**Task**:
Please transcribe every entry below exactly, without including the pictures.

**Excerpted records**:
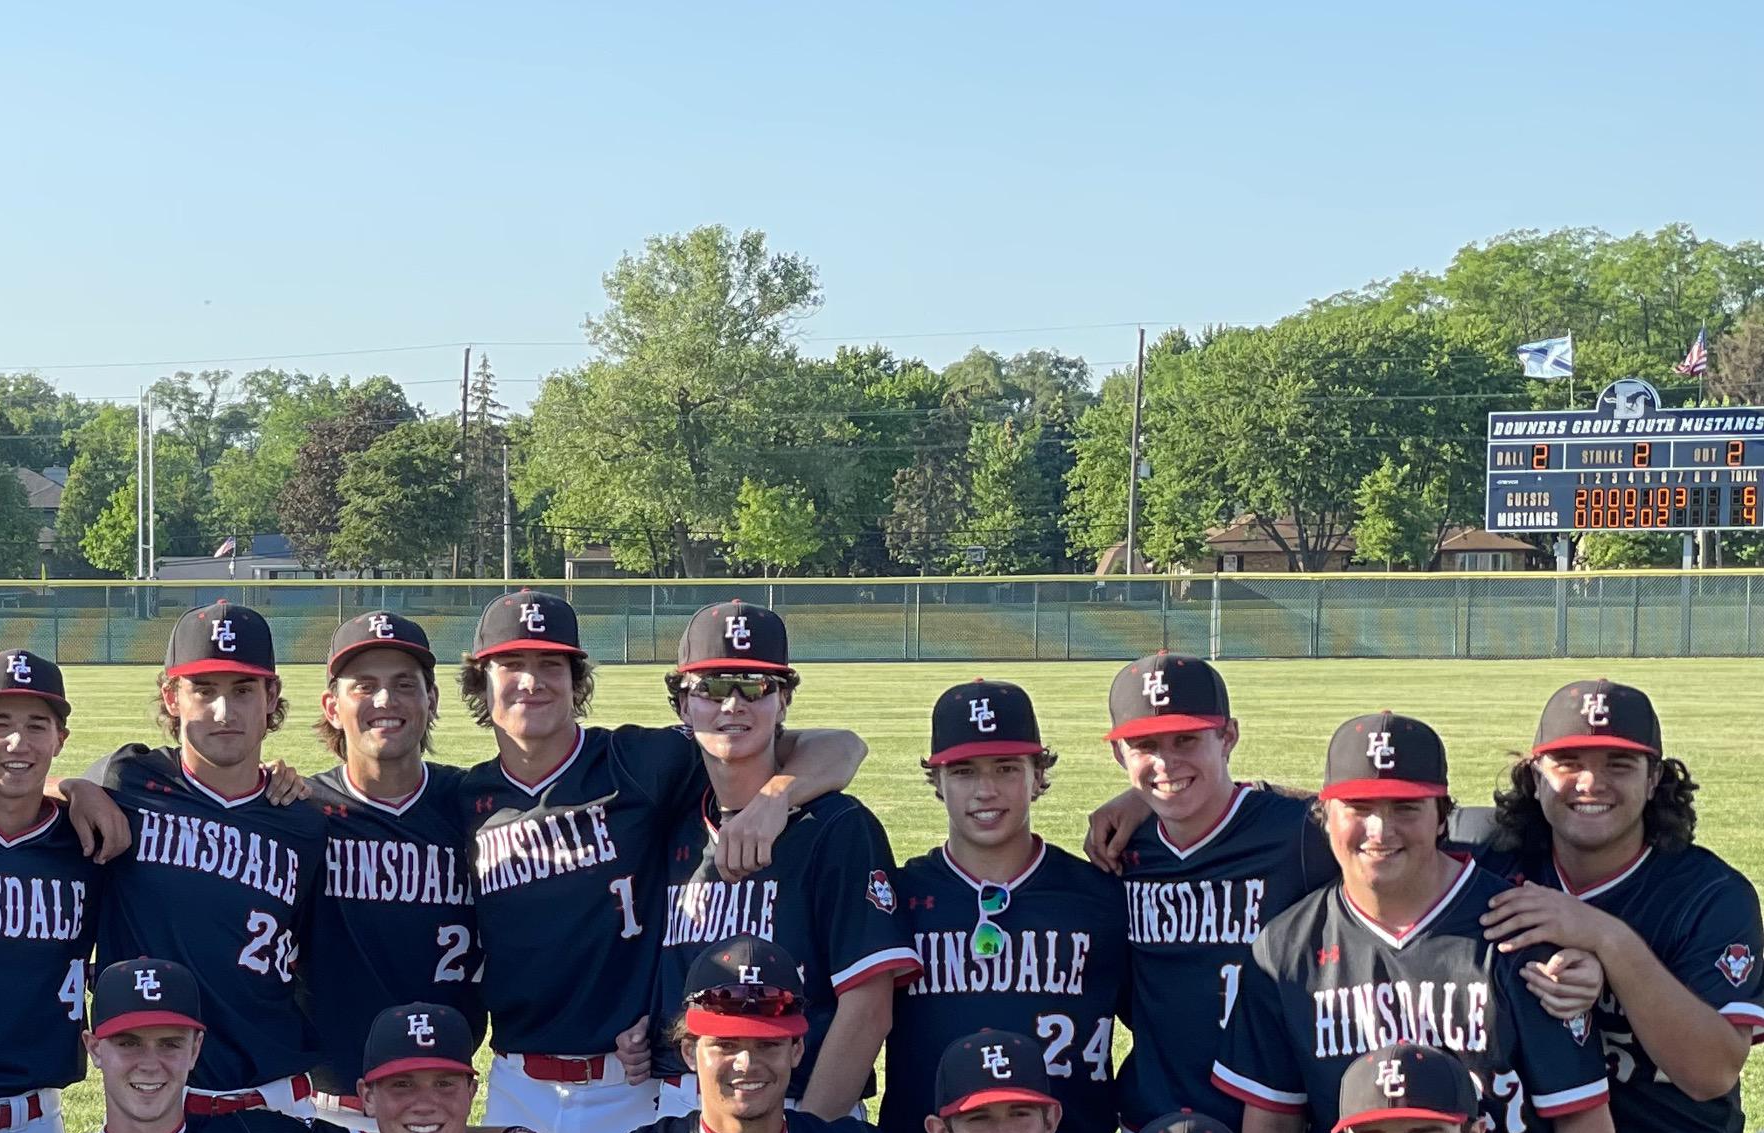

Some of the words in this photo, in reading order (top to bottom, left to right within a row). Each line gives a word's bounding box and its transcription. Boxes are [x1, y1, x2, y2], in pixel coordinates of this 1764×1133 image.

[1493, 420, 1567, 436] DOWNERS
[1572, 420, 1621, 434] GROVE
[1625, 418, 1676, 433] SOUTH
[1679, 416, 1764, 432] MUSTANGS
[1496, 450, 1524, 466] BALL
[1533, 444, 1548, 469] 2
[1582, 449, 1623, 464] STRIKE
[1634, 442, 1650, 467] 2
[1694, 447, 1717, 462] OUT
[1727, 440, 1743, 466] 2
[1595, 473, 1601, 484] 2
[1611, 472, 1617, 484] 3
[1628, 471, 1634, 483] 4
[1644, 471, 1650, 483] 5
[1678, 471, 1683, 483] 7
[1730, 470, 1757, 482] TOTAL
[1507, 492, 1550, 506] GUESTS
[1576, 490, 1587, 507] 2
[1592, 489, 1604, 507] 0
[1608, 489, 1620, 507] 0
[1625, 488, 1636, 507] 0
[1658, 488, 1669, 507] 0
[1676, 488, 1687, 507] 3
[1744, 486, 1755, 505] 6
[1497, 512, 1558, 526] MUSTANGS
[1575, 509, 1586, 527] 0
[1591, 509, 1603, 527] 0
[1607, 509, 1619, 527] 0
[1625, 509, 1635, 527] 2
[1641, 509, 1652, 527] 0
[1657, 509, 1668, 527] 2
[1744, 508, 1755, 525] 4
[137, 808, 298, 905] HINSDALE
[476, 806, 617, 895] HINSDALE
[610, 876, 642, 939] 1
[58, 957, 86, 1021] 4
[1314, 982, 1488, 1058] HINSDALE
[1037, 1013, 1112, 1081] 24

**Answer area**:
Some of the words in this photo, in reading order (top to bottom, left to right within a row). Each line gives a word's bounding box and its transcription. Boxes are [x1, y1, x2, y2], in pixel coordinates of this 1764×1133 image.

[1493, 420, 1567, 436] DOWNERS
[1572, 420, 1621, 434] GROVE
[1625, 418, 1676, 433] SOUTH
[1679, 416, 1764, 432] MUSTANGS
[1496, 450, 1524, 466] BALL
[1533, 444, 1548, 469] 2
[1582, 449, 1623, 464] STRIKE
[1634, 442, 1650, 467] 2
[1694, 447, 1717, 462] OUT
[1727, 440, 1743, 466] 2
[1595, 473, 1601, 484] 2
[1611, 472, 1617, 484] 3
[1628, 471, 1634, 483] 4
[1644, 471, 1650, 483] 5
[1678, 471, 1683, 483] 7
[1730, 470, 1757, 482] TOTAL
[1507, 492, 1550, 506] GUESTS
[1576, 490, 1587, 507] 2
[1592, 489, 1604, 507] 0
[1608, 489, 1620, 507] 0
[1625, 488, 1636, 507] 0
[1658, 488, 1669, 507] 0
[1676, 488, 1687, 507] 3
[1744, 486, 1755, 505] 6
[1497, 512, 1558, 526] MUSTANGS
[1575, 509, 1586, 527] 0
[1591, 509, 1603, 527] 0
[1607, 509, 1619, 527] 0
[1625, 509, 1635, 527] 2
[1641, 509, 1652, 527] 0
[1657, 509, 1668, 527] 2
[1744, 508, 1755, 525] 4
[137, 808, 298, 905] HINSDALE
[476, 806, 617, 895] HINSDALE
[610, 876, 642, 939] 1
[58, 957, 86, 1021] 4
[1314, 982, 1488, 1058] HINSDALE
[1037, 1013, 1112, 1081] 24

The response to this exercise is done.